> [TASK BRIEF] Set the material down again exactly, line by line, skipping each picture.

> [DATA RECORDS]
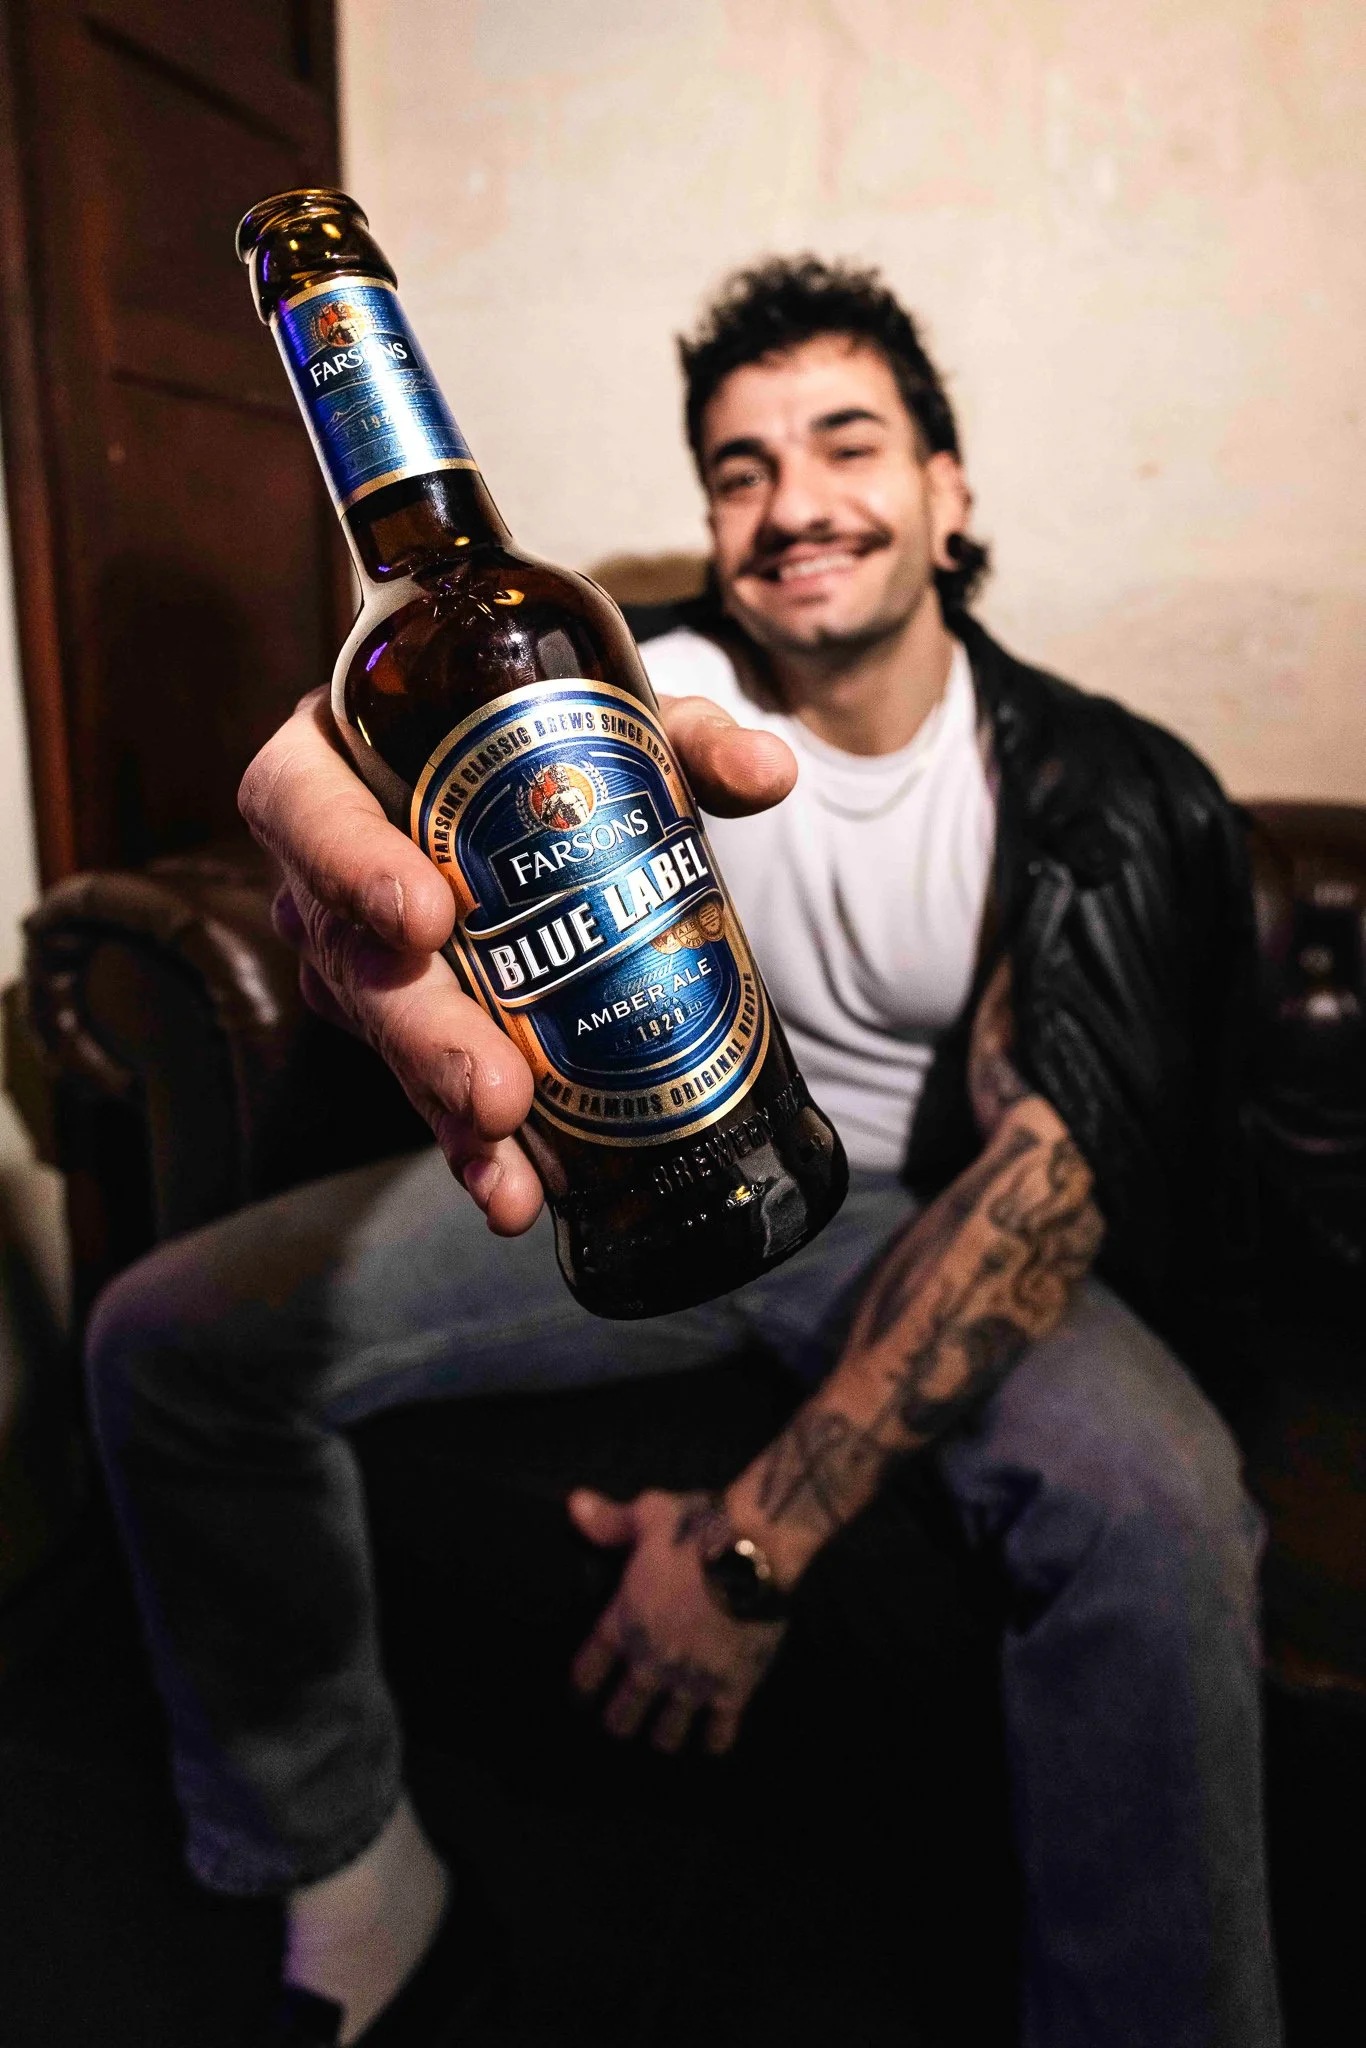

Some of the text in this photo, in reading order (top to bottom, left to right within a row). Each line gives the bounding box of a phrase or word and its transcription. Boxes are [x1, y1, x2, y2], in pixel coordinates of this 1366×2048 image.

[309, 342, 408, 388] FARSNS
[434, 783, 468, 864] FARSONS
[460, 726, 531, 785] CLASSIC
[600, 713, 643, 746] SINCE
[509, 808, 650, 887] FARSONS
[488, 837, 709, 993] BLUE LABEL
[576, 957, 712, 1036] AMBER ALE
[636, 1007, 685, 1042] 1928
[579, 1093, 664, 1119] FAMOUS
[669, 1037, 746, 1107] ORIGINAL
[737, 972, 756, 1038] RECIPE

> [ANSWER FOR THE TASK]
Some of the text in this photo, in reading order (top to bottom, left to right within a row). Each line gives the bounding box of a phrase or word and its transcription. Boxes are [x1, y1, x2, y2], in pixel coordinates of this 1366×2048 image.

[309, 342, 408, 388] FARSNS
[434, 783, 468, 864] FARSONS
[460, 726, 531, 785] CLASSIC
[600, 713, 643, 746] SINCE
[509, 808, 650, 887] FARSONS
[488, 837, 709, 993] BLUE LABEL
[576, 957, 712, 1036] AMBER ALE
[636, 1007, 685, 1042] 1928
[579, 1093, 664, 1119] FAMOUS
[669, 1037, 746, 1107] ORIGINAL
[737, 972, 756, 1038] RECIPE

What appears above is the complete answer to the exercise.